* ABOUT THIS TASK: Select the lines of the records containing the word "CHAMPIONSHIP" and list them.

##############################

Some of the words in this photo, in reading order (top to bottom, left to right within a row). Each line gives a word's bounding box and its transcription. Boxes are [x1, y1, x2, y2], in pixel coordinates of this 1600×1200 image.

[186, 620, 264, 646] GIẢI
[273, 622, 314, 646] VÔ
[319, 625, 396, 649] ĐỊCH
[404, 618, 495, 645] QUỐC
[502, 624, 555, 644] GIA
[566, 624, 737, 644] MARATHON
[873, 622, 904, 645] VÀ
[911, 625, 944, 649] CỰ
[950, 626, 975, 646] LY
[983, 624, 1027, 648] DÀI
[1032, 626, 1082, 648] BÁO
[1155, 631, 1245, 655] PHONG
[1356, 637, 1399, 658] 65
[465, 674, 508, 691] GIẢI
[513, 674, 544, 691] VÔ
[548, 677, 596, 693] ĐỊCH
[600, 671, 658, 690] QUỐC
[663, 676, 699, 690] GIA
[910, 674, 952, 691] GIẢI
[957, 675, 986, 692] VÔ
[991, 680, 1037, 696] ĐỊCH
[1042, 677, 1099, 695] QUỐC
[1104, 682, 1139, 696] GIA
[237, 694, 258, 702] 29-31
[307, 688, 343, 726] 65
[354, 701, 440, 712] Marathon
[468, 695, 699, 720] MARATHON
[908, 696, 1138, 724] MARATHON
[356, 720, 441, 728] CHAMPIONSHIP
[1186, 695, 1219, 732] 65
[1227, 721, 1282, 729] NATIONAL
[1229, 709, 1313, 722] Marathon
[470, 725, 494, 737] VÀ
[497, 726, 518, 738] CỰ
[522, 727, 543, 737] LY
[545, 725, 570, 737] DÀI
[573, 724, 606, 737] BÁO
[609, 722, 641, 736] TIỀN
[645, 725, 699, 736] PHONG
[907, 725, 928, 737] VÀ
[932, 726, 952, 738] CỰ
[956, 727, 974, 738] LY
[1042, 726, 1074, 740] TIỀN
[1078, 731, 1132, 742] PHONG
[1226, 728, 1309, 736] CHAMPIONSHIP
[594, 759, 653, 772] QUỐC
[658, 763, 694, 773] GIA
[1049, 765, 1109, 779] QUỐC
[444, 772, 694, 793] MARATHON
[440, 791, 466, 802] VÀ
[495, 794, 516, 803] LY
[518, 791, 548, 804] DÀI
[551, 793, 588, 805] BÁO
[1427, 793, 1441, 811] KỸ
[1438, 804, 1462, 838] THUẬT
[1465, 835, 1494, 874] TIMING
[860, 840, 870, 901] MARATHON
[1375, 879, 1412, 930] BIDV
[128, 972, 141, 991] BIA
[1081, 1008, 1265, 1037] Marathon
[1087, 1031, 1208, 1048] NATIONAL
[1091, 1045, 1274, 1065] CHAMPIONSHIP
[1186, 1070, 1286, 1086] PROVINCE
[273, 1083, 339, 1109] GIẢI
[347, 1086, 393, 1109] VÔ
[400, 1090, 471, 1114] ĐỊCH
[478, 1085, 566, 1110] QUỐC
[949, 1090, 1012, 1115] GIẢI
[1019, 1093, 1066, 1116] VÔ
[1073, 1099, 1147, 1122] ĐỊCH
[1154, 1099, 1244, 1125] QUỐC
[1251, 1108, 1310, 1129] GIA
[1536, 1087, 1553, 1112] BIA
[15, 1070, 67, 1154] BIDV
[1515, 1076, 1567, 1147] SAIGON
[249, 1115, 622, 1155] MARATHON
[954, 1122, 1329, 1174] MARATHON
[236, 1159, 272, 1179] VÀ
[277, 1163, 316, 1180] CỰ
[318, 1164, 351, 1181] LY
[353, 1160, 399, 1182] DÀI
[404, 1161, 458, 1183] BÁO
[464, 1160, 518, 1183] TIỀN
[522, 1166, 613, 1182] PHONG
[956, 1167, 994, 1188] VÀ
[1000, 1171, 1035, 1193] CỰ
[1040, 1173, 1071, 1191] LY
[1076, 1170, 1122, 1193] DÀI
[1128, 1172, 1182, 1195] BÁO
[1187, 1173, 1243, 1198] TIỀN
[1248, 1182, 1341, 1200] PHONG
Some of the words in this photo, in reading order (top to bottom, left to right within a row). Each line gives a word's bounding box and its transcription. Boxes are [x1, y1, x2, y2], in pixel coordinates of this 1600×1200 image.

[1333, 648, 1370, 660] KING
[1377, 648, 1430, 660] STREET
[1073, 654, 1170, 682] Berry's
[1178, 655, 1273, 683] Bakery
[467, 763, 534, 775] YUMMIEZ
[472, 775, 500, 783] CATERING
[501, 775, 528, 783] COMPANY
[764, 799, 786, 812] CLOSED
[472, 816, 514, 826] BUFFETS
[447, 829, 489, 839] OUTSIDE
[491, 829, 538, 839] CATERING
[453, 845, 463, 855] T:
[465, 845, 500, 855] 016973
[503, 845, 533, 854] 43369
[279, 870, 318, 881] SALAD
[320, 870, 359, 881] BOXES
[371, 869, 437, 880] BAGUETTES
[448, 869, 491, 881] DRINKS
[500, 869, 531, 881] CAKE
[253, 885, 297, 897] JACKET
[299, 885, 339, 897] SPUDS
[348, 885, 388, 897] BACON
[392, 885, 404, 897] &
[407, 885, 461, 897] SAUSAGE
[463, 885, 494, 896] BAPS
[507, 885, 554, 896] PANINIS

##############################

* REPLY:
[356, 720, 441, 728] CHAMPIONSHIP
[1226, 728, 1309, 736] CHAMPIONSHIP
[1091, 1045, 1274, 1065] CHAMPIONSHIP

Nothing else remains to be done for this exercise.